A Conditional Random Field (CRF) is a standard model for predicting the most likely sequence of labels that correspond to a sequence of inputs. It is a supervised learning method which has been proven to be better than the tree based models when it comes to NER. Whereas a discrete classifier predicts a label for a single sample without considering "neighboring" samples, a CRF can take context into account; e.g., the linear chain CRF (which is popular in natural language processing) predicts sequences of labels for sequences of input samples. 

### Feature Generation


In order to use CRF, we will enhance the feature set and create more features which can be used by the model to predict the tags correctly. Since we need to take into account the context as well, we create features which will provide consecutive POS tags for each word. Also, we add new features such as upper, lower, digit, title etc. for each word and also consider the consecutive words in the list. In short, we try to provide a sequence of features to the model for each word - the sequence containing POS tags, capitalisations, type of word(title) etc.

In [11]:
'''
A sentence and an index for a word within the sentence are passed as inputs. 
The output is a dictionary of features that contains information for the current, previous and next word. 

Sample Input: ('demonstrators', 'NNS', 'O')

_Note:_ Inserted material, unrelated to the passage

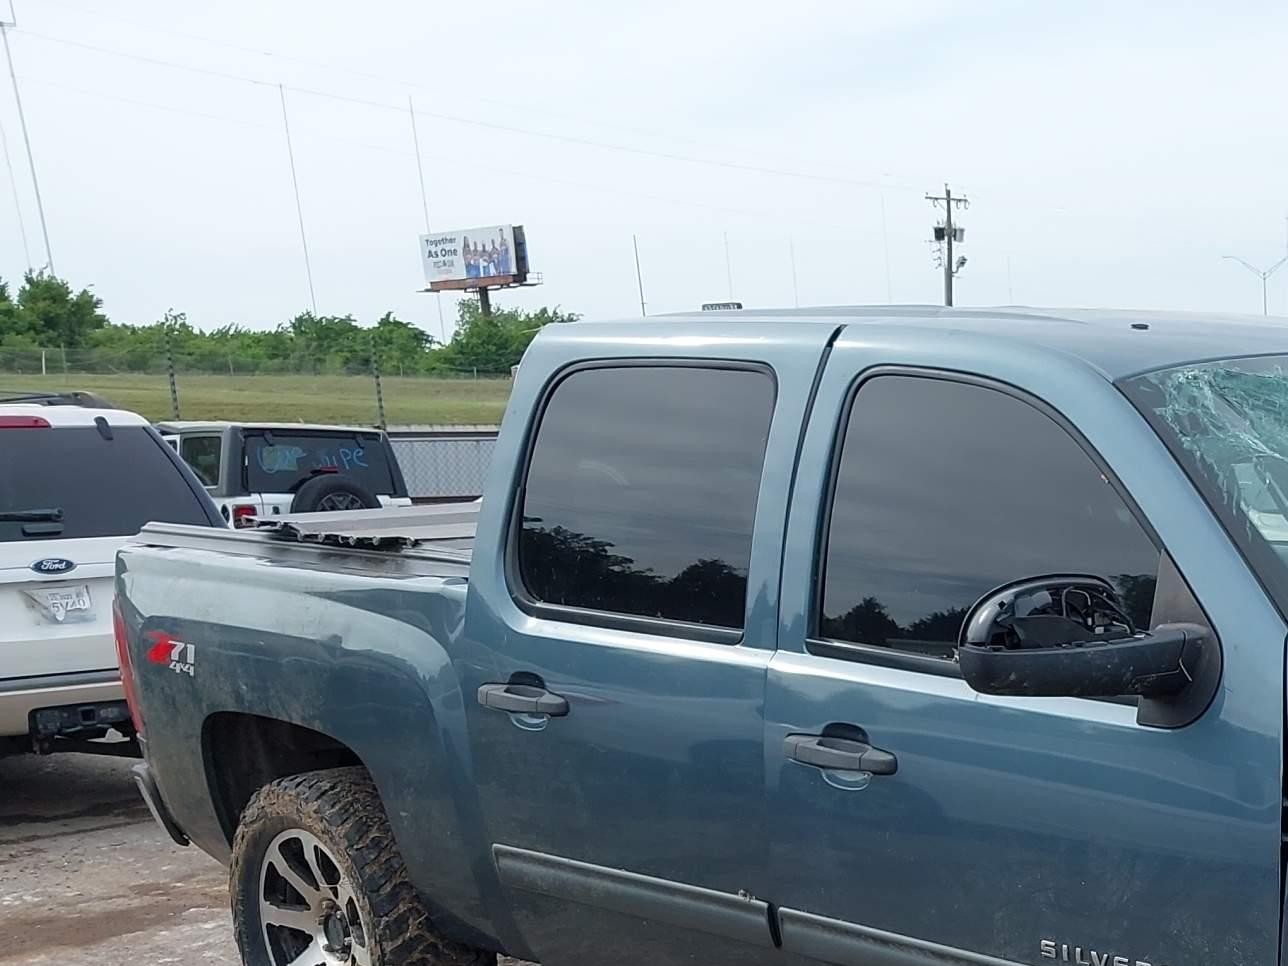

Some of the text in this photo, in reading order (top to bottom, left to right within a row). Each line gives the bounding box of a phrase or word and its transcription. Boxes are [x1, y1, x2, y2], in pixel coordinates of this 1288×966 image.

[425, 236, 456, 247] Together
[427, 247, 458, 259] As One
[40, 559, 66, 570] Ford

Previous Word: ('of', 'IN', 'O')

Next Word: ('have', 'VBP', 'O')

Sample Output (Features generated by the function)
{'bias': 1.0,
 'word.lower()': 'demonstrators',
 'word[-3:]': 'ors',
 'word[-2:]': 'rs',
 'word.isupper()': False,
 'word.istitle()': False,
 'word.isdigit()': False,
 'postag': 'NNS',
 'postag[:2]': 'NN',
 '-1:word.lower()': 'of',
 '-1:word.istitle()': False,
 '-1:word.isupper()': False,
 '-1:postag': 'IN',
 '-1:postag[:2]': 'IN',
 '+1:word.lower()': 'have',
 '+1:word.istitle()': False,
 '+1:word.isupper()': False,
 '+1:postag': 'VBP',
 '+1:postag[:2]': 'VB'}


'''

# Creating Feature set
def word2features(sent, i):
    word = sent[i][0] #extract word from sentence using index i
    postag = sent[i][1] #extract POS tag of word at index i

    features = {
        'bias': 1.0,
        'word.lower()': word.lower(), #lower case word
        'word[-3:]': word[-3:], #last 3 characters of word
        'word[-2:]': word[-2:], #last 2 characters of word
        'word.isupper()': word.isupper(), # is word upper case? 
        'word.istitle()': word.istitle(), #is the first character of word in upper case?
        'word.isdigit()': word.isdigit(), #is it a digit?
        'postag': postag, #POS tag of the word
        'postag[:2]': postag[:2], #prefix of POS tag
    }
    if i > 0:
        #expanding feature set by including features of previous word if not at the beginning of sentence
        word1 = sent[i-1][0] #previous word
        postag1 = sent[i-1][1] #POS tag of previous word
        features.update({
            '-1:word.lower()': word1.lower(),
            '-1:word.istitle()': word1.istitle(),
            '-1:word.isupper()': word1.isupper(),
            '-1:postag': postag1,
            '-1:postag[:2]': postag1[:2],
        })
    else:
        features['BOS'] = True #specify 'Beginning Of Sentence' if no previous word exists
    
    #expanding feature set by including features of next word if not at the end of sentence
    if i < len(sent)-1:
        word1 = sent[i+1][0]
        postag1 = sent[i+1][1]
        features.update({
            '+1:word.lower()': word1.lower(),
            '+1:word.istitle()': word1.istitle(),
            '+1:word.isupper()': word1.isupper(),
            '+1:postag': postag1,
            '+1:postag[:2]': postag1[:2],
        })    
    else:
        features['EOS'] = True #specify 'End Of Sentence' if no previous word exists

    return features

In [12]:
'''
A sentence is passed as an input. The output is a list of dictionaries that contains features generated for
each word within the sentence through the word2features function

'''
def sent2features(sent):
    return [word2features(sent, i) for i in range(len(sent))]


'''
Returns an array of labels for each word in the sentence that is passed as input. 
'''
def sent2labels(sent):
    return [label for token, postag, label in sent]

In [13]:
#Splitting dataset into features and labels
X = [sent2features(s) for s in sentences] #extracting features
y = [sent2labels(s) for s in sentences] #extracting labels 

In [14]:
'''
Split the data into train test and validation data. 80%, 10%, 10%
This can be done using the train_test_split function by sklearn. 

'''

# split the data in 80:10:10 for train:valid:test dataset
train_size=0.8

# In the first step we will split the data in training and remaining dataset
X_train, X_rem, y_train, y_rem = train_test_split(X,y, train_size=0.8)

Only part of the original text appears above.